* _ASSIGNMENT_
Restate each entry below exactly; pictures stay out of the copy.

* _DATA_

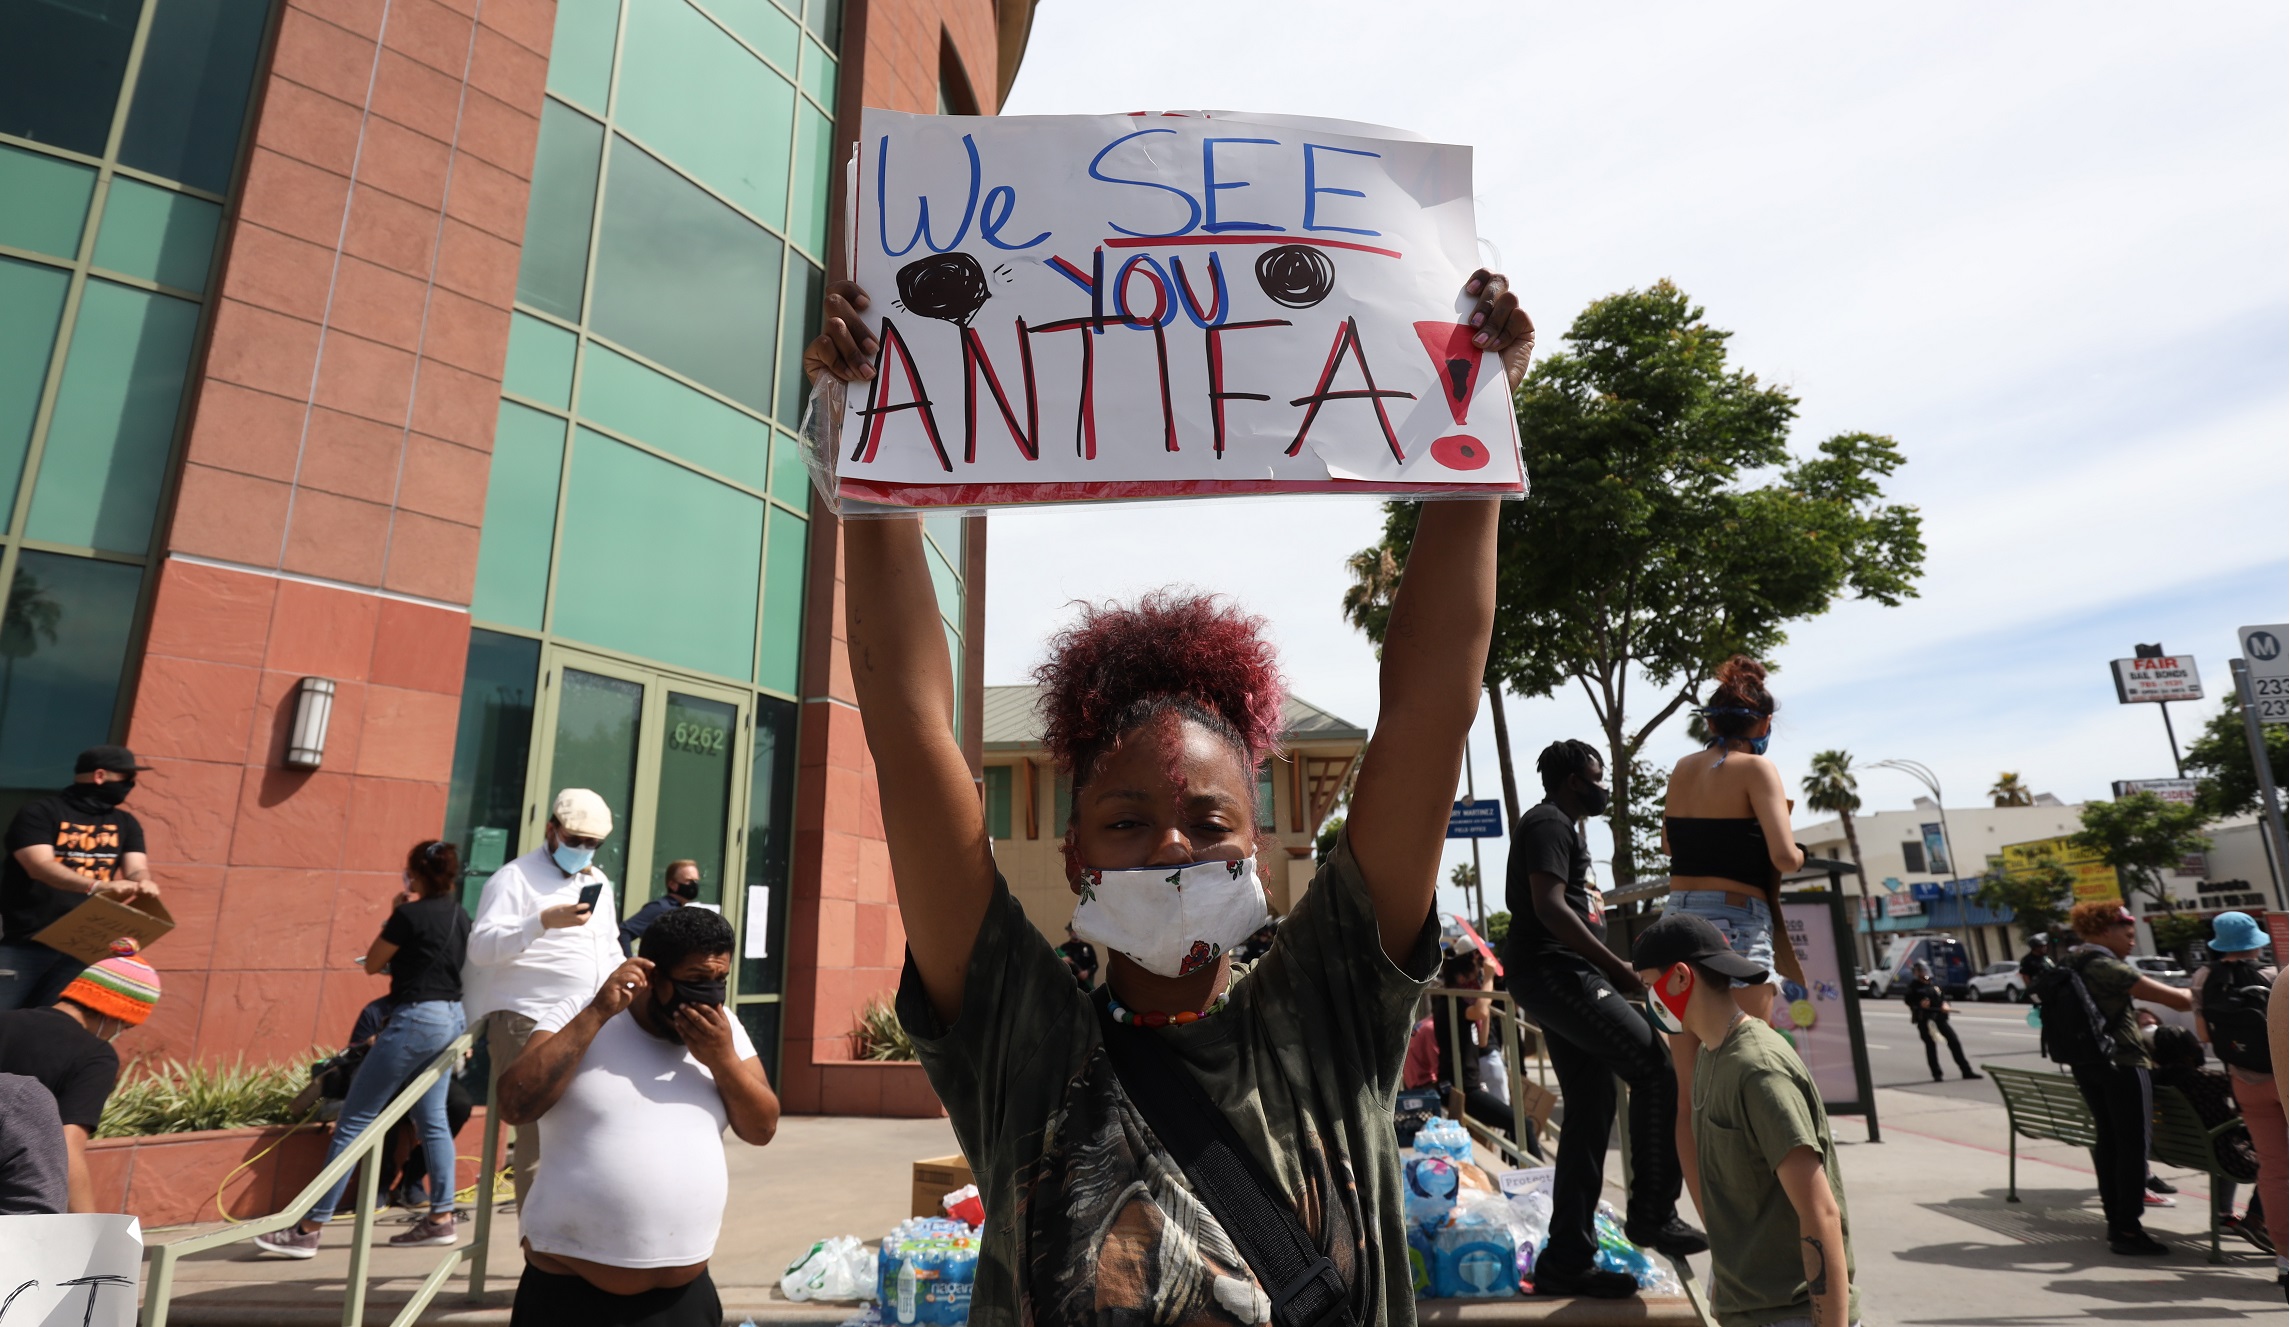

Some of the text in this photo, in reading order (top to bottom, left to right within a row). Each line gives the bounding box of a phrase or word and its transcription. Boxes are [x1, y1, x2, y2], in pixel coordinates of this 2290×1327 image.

[877, 128, 1384, 258] We SEE
[1043, 246, 1230, 333] YOU
[851, 315, 1491, 472] ANTIFA!
[2133, 657, 2179, 670] FAIR
[675, 722, 723, 749] 6262
[2261, 700, 2288, 716] 23
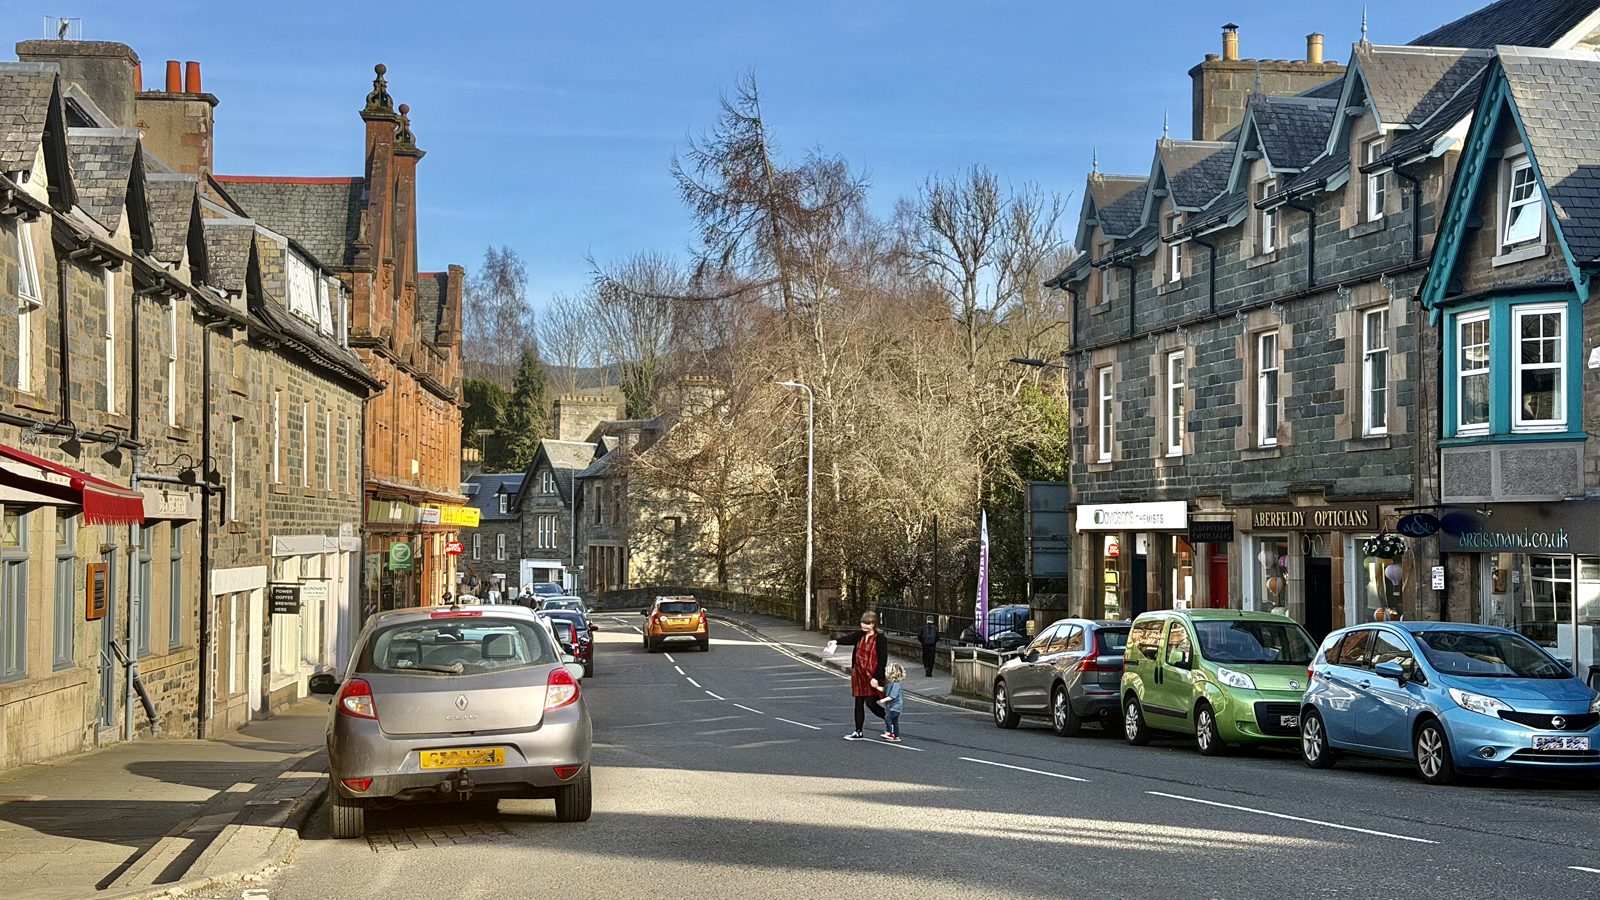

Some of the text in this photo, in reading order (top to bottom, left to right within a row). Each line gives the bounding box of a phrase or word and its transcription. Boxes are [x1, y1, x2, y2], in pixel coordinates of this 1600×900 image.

[1094, 509, 1164, 525] Davidsons CHEMISTS
[1254, 510, 1369, 527] ABERFELDY OPTICIANS
[1192, 532, 1232, 540] OPTICIANS
[1459, 526, 1569, 549] artisanand.co.uk

* _ANSWER TO THIS TASK_
Some of the text in this photo, in reading order (top to bottom, left to right within a row). Each line gives the bounding box of a phrase or word and its transcription. Boxes are [x1, y1, x2, y2], in pixel coordinates of this 2290×1327 image.

[877, 128, 1384, 258] We SEE
[1043, 246, 1230, 333] YOU
[851, 315, 1491, 472] ANTIFA!
[2133, 657, 2179, 670] FAIR
[675, 722, 723, 749] 6262
[2261, 700, 2288, 716] 23

Some of the text in this photo, in reading order (top to bottom, left to right within a row). Each line gives the bounding box of a phrase or word and its transcription. Boxes are [x1, y1, x2, y2], in pixel coordinates of this 1600×900 image.

[1094, 509, 1164, 525] Davidsons CHEMISTS
[1254, 510, 1369, 527] ABERFELDY OPTICIANS
[1192, 532, 1232, 540] OPTICIANS
[1459, 526, 1569, 549] artisanand.co.uk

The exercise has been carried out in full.